On high-profile social issues, President Barack Obama did plenty to offend conservatives in his first year, although not always enough to satisfy his base.
Among his first moves in office was to repeal the so-called Mexico City rule, which prohibits U.S. aid from being used to fund abortion or abortion-promotion in foreign countries. His administration announced Jan. 8,2009, it would join with other governments to make "access to reproductive healthcare a basic right," as Secretary of State Hillary Clinton said in a speech to the International Conference on Population Development.
"What we thought he [Obama] would do is what he’s done," said Douglas Johnson, legislative director of the National Right to Life Committee. "Obama has been the most relentlessly pro-abortion President to hold office since Roe v. Wade."
President Bill Clinton also reversed the Mexico City rule, which was in turn reinstated by President George W. Bush. The difference between Clinton and Obama lies in their domestic agenda. While Clinton did little to change the status quo during his two terms, Obama has pushed to increase access to abortion through his sweeping health care legislation.
During the 2008 Democratic primary, Obama did the impossible by outdueling Hillary Clinton on the abortion issue and ultimately winning the endorsement of NARAL Pro-Choice America. In 2007, Obama told Planned Parenthood that the "first thing I’d do as President" is sign the Freedom of Choice Act, which would codify the Roe v. Wade decision.
That wasn’t the first thing he did as President and, when asked about it, said in April that the "Freedom of Choice Act is not the highest legislative priority." Since then, however, he’s mended fences by including federal funding for abortion in his original health care bill and, when the House removed it, fighting to keep it in the Senate version.
Obama further alienated pro-life voters with his expansion of embryonic stem-cell research. In March, he repealed the Bush administration’s policy limiting scientific access to stem cells to those already available before August 2001. While Obama said he drew the line at cloning embryos, critics say his executive order clears the path for such research.
Perhaps no faction of Obama’s winning election coalition was more openly dissatisfied with his first year than gay-rights groups. Obama repeatedly expressed solidarity with gays during the campaign and specifically promised to end the military’s "don’t ask, don’t tell" policy. As President, he promised to work to repeal the federal Defense of Marriage Act, which holds that marriage is between one man and one woman.
It didn’t take long, however, before Obama was accused of being all talk and no action. Reports from administration sources surfaced saying that the President was unlikely to take up "don’t ask, don’t tell" until 2010 or 2011. While Obama continued to reassure liberals of his support for gay rights, he was criticized for being vague and refusing to commit to a timetable.
In June, Obama signed an executive order extending benefits to the domestic partners of federal workers. But the gay community went ballistic when the Justice Department filed a brief in a same-sex marriage lawsuit upholding the Defense of Marriage Act. Administration officials said they were only doing their jobs by defending a law on the books, but the move resulted in threats by gay fundraisers to withhold campaign donations in the next election.
Thousands of activists marched on Washington in October, demanding that Obama keep his campaign promises to allow gays to serve openly in the military and end discrimination against gays.
Obama responding with a glowing speech at the Human Rights Campaign’s annual dinner, telling the crowd of 3,000 that "when you look back on these years, you will see a time in which we put a stop to discrimination, whether in the office and on the battlefield."
Again, he didn’t quite say that he would be the one doing the stopping. Still, the speech was enough to appease many disgruntled gay-rights supporters.

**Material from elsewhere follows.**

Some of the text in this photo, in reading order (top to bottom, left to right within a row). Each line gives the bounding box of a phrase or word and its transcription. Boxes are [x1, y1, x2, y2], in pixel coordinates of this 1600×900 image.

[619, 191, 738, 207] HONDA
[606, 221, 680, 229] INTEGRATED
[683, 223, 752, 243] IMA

"This was a historic night when we felt the full embrace and commitment of the President of the United States," said Human Rights Campaign President Joe Solmonese said in a post-speech statement. "It’s simply unprecedented."
Obama’s next move was to sign landmark legislation expanding the definition of hate-crimes laws to include "sexual orientation," over the objections of conservatives who said the law could be used to discriminate against churches and limit free speech.

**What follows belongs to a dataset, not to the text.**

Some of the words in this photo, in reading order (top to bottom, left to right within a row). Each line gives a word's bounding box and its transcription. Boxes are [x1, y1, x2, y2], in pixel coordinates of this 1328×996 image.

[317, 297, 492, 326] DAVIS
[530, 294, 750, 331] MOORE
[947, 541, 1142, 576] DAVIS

Conservatives expect the balancing act on gay rights to continue in 2010, when Obama will need to juggle his campaign promises along with his ambitious domestic agenda and the imperatives of the November congressional election.
"He threw them [gay-rights groups] some bones, but he’s way over-committed," said Peter LaBarbera, president of the conservative Americans for Truth. "They’re saying he’s not delivering on his agenda, and the gays are one group you can’t really put off."